Starting healthy dental habits can be difficult for anyone, especially pets because they rely on us to keep them consistent. The challenge for us as owners is not just to make it part of their routine so it becomes acknowledged, but to also make it an enjoyable experience and not a scary one.
How do we accomplish this? Well, if you started with your pet as a baby, it does make it a lot easier to immediately start brushing their teeth so they think it’s a normal part of life from the get go. However, if your pet has never brushed its teeth before, adjusting them to this new routine will take some time. The key is to be patient and to also not be afraid yourself because approaching a fanged creature with a toothbrush, no matter how much they seem to love us, can be daunting especially if this is something they aren’t familiar with.
Here’s what we found from the American Veterinary Medical Foundation (AVMA):
Get the right equipment:
- NEVER use human toothpaste. The foaming agent in fluoride can cause stomach upset in an animal. Pet toothpaste comes in flavors like beef, mint and chicken, much more attractive to your pet.
- Get a pet toothbrush which can be similar to what you and I use but they also make ones that fits on your finger which makes the process more like petting/massaging.

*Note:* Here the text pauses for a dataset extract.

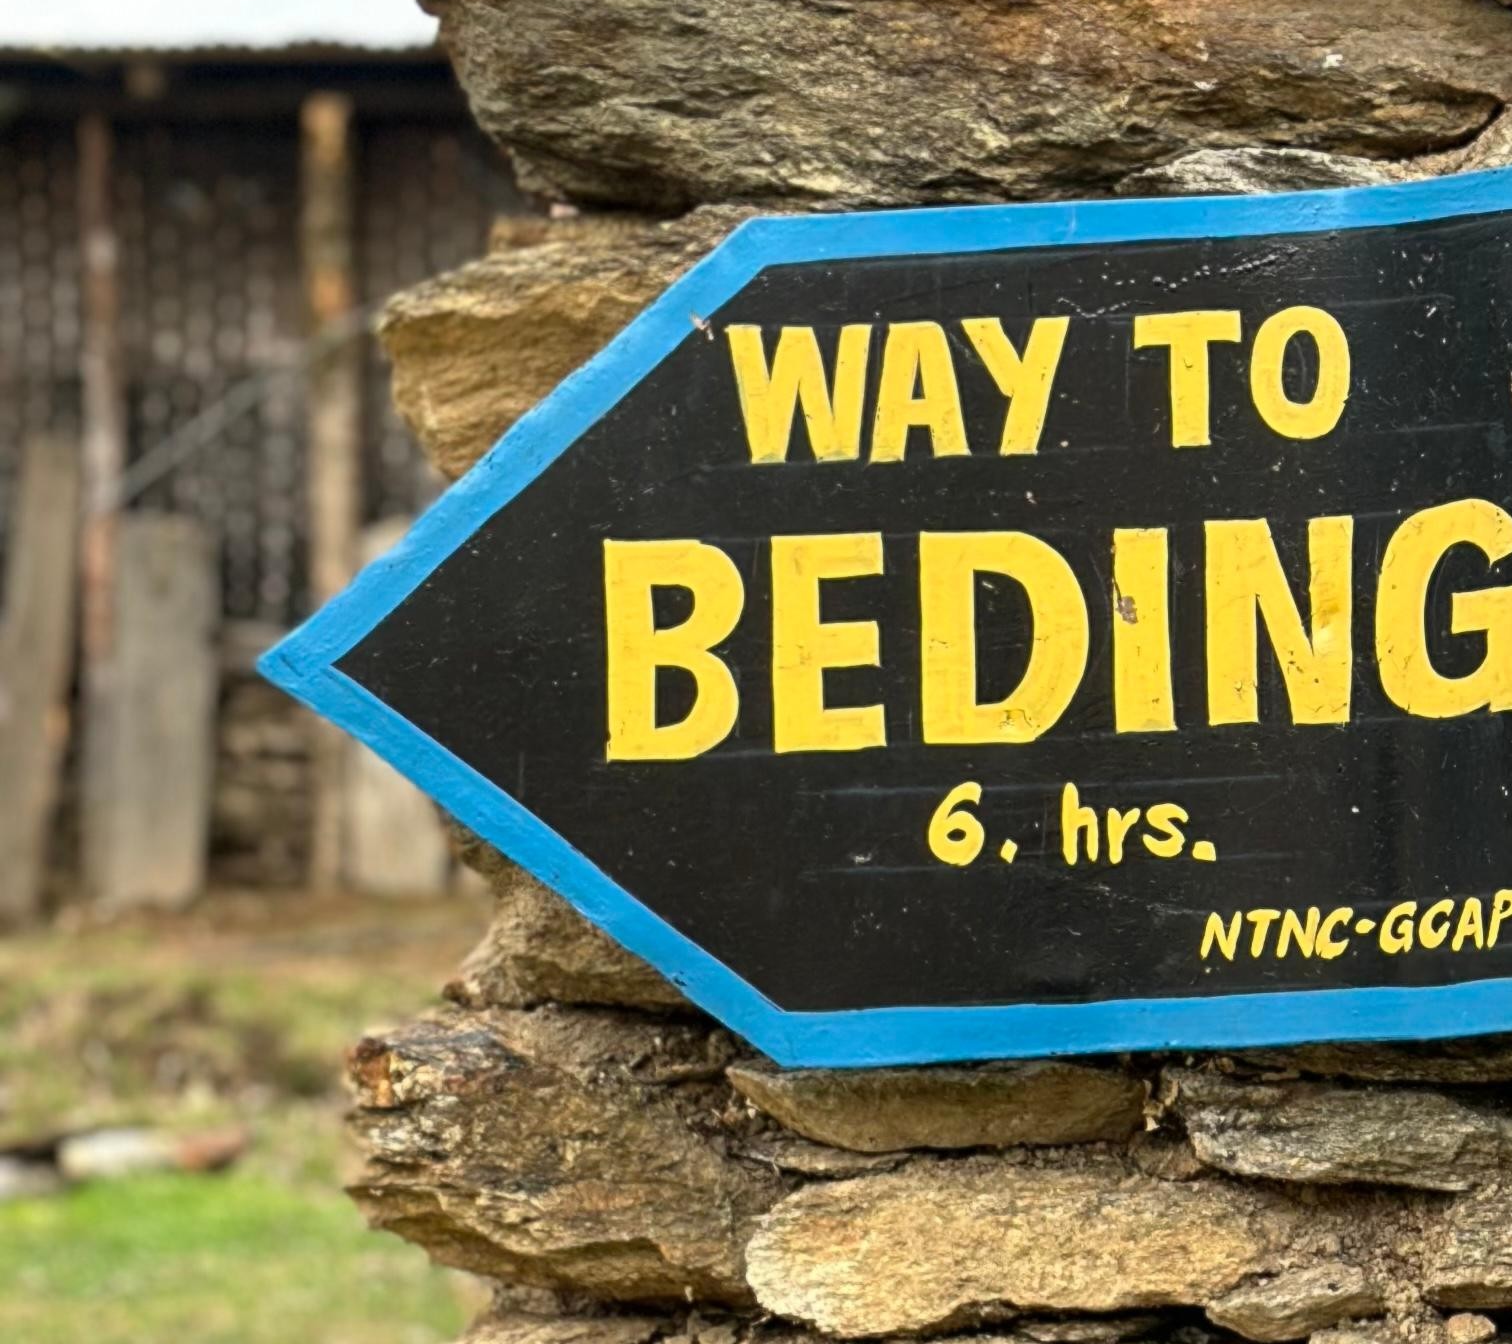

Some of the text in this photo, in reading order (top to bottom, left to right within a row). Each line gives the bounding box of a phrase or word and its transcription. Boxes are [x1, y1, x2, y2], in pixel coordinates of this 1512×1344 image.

[726, 305, 1351, 463] WAY TO
[927, 782, 1217, 866] 6. hrs.

Once you have the right tools for the job, the AVMA recommends a 4-step process:
- Periodically leave a dollop of the toothpaste out for them to smell and taste. Do this for about a week.
- Next, rub the toothpaste on their lips/teeth/gums for a few days up to 2 weeks. When they let you do this, give lots of praise and treats.
- After this 2 to 3 week process, put the toothpaste on the brush and let them lick it off. Again, take a few days and give lots of praise and treats.
- When they’re comfortable with the brush, begin using it in short intervals, eventually working up to a 30 second stretch. Move fairly briskly around the mouth so they don’t get bored or uneasy. Of course, lots of praise and treats.
Above all, be patient:
Just like us, building healthy habits, and learning to like them take time. If you do get frustrated, remember that there are also plenty of treats and chew toys out there created to assist you, so don’t stress. You’re going to have good days and bad days, but if you stay consistent, this will become a normal, bonding activity for you and your pet!
Here’s another little tip – you don’t have to worry about brushing the inside of the teeth. Plaque forms on the surface of the teeth that touch the inside of the cheek. That makes the whole process a little easier and faster.